» Exercise prompt
It is required that all of the data be written out exactly.

» Input material
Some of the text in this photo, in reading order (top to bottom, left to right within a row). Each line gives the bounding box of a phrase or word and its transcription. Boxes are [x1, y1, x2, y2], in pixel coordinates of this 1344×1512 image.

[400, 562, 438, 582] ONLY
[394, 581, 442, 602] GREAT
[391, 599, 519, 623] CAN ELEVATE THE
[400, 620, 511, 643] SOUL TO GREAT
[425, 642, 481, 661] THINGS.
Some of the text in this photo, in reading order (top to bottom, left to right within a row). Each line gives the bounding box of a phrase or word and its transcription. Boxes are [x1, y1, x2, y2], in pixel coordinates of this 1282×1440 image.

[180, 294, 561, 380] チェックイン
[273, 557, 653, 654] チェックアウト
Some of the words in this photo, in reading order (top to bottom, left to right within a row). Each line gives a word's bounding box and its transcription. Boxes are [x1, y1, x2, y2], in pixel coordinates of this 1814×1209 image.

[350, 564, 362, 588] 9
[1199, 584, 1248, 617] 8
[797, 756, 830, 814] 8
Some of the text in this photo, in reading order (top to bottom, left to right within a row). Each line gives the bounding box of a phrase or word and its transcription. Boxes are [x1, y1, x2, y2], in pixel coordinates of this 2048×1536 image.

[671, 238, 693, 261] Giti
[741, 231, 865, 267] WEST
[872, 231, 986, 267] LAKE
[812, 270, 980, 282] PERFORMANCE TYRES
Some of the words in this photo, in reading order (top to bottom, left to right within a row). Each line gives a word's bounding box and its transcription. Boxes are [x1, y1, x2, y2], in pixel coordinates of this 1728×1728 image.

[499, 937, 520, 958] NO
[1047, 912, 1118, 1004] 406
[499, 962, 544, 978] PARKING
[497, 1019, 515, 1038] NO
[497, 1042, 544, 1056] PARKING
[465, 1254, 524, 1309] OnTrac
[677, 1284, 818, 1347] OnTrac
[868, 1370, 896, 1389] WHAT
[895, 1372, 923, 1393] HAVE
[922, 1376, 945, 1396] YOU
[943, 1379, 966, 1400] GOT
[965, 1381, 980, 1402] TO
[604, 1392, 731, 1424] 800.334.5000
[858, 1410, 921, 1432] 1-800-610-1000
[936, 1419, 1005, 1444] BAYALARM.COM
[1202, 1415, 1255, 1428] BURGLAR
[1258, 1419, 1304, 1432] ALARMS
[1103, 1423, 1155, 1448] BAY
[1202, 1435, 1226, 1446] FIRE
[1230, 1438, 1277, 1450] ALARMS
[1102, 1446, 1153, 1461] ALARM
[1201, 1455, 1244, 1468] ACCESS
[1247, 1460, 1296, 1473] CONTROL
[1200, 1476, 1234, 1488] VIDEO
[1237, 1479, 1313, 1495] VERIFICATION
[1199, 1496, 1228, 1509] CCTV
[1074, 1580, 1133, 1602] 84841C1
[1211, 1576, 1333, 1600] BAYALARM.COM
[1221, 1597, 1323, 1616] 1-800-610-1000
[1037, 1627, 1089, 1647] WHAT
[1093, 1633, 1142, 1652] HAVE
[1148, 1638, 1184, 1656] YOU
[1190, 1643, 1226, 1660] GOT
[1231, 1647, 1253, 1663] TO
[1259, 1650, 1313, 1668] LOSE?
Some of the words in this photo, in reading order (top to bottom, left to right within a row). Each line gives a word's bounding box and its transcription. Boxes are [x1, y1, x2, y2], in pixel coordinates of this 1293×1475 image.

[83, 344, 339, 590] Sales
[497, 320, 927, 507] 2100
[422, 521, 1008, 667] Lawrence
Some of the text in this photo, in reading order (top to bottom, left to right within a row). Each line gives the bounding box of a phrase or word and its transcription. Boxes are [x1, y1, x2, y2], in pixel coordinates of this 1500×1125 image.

» Answer box
Some of the text in this photo, in reading order (top to bottom, left to right within a row). Each line gives the bounding box of a phrase or word and its transcription. Boxes are [x1, y1, x2, y2], in pixel coordinates of this 1344×1512 image.

[400, 562, 438, 582] ONLY
[394, 581, 442, 602] GREAT
[391, 599, 519, 623] CAN ELEVATE THE
[400, 620, 511, 643] SOUL TO GREAT
[425, 642, 481, 661] THINGS.
Some of the text in this photo, in reading order (top to bottom, left to right within a row). Each line gives the bounding box of a phrase or word and its transcription. Boxes are [x1, y1, x2, y2], in pixel coordinates of this 1282×1440 image.

[180, 294, 561, 380] チェックイン
[273, 557, 653, 654] チェックアウト
Some of the words in this photo, in reading order (top to bottom, left to right within a row). Each line gives a word's bounding box and its transcription. Boxes are [x1, y1, x2, y2], in pixel coordinates of this 1814×1209 image.

[350, 564, 362, 588] 9
[1199, 584, 1248, 617] 8
[797, 756, 830, 814] 8
Some of the text in this photo, in reading order (top to bottom, left to right within a row). Each line gives the bounding box of a phrase or word and its transcription. Boxes are [x1, y1, x2, y2], in pixel coordinates of this 2048×1536 image.

[671, 238, 693, 261] Giti
[741, 231, 865, 267] WEST
[872, 231, 986, 267] LAKE
[812, 270, 980, 282] PERFORMANCE TYRES
Some of the words in this photo, in reading order (top to bottom, left to right within a row). Each line gives a word's bounding box and its transcription. Boxes are [x1, y1, x2, y2], in pixel coordinates of this 1728×1728 image.

[499, 937, 520, 958] NO
[1047, 912, 1118, 1004] 406
[499, 962, 544, 978] PARKING
[497, 1019, 515, 1038] NO
[497, 1042, 544, 1056] PARKING
[465, 1254, 524, 1309] OnTrac
[677, 1284, 818, 1347] OnTrac
[868, 1370, 896, 1389] WHAT
[895, 1372, 923, 1393] HAVE
[922, 1376, 945, 1396] YOU
[943, 1379, 966, 1400] GOT
[965, 1381, 980, 1402] TO
[604, 1392, 731, 1424] 800.334.5000
[858, 1410, 921, 1432] 1-800-610-1000
[936, 1419, 1005, 1444] BAYALARM.COM
[1202, 1415, 1255, 1428] BURGLAR
[1258, 1419, 1304, 1432] ALARMS
[1103, 1423, 1155, 1448] BAY
[1202, 1435, 1226, 1446] FIRE
[1230, 1438, 1277, 1450] ALARMS
[1102, 1446, 1153, 1461] ALARM
[1201, 1455, 1244, 1468] ACCESS
[1247, 1460, 1296, 1473] CONTROL
[1200, 1476, 1234, 1488] VIDEO
[1237, 1479, 1313, 1495] VERIFICATION
[1199, 1496, 1228, 1509] CCTV
[1074, 1580, 1133, 1602] 84841C1
[1211, 1576, 1333, 1600] BAYALARM.COM
[1221, 1597, 1323, 1616] 1-800-610-1000
[1037, 1627, 1089, 1647] WHAT
[1093, 1633, 1142, 1652] HAVE
[1148, 1638, 1184, 1656] YOU
[1190, 1643, 1226, 1660] GOT
[1231, 1647, 1253, 1663] TO
[1259, 1650, 1313, 1668] LOSE?
Some of the words in this photo, in reading order (top to bottom, left to right within a row). Each line gives a word's bounding box and its transcription. Boxes are [x1, y1, x2, y2], in pixel coordinates of this 1293×1475 image.

[83, 344, 339, 590] Sales
[497, 320, 927, 507] 2100
[422, 521, 1008, 667] Lawrence
Some of the text in this photo, in reading order (top to bottom, left to right within a row). Each line gives the bounding box of a phrase or word and its transcription. Boxes are [x1, y1, x2, y2], in pixel coordinates of this 1500×1125 image.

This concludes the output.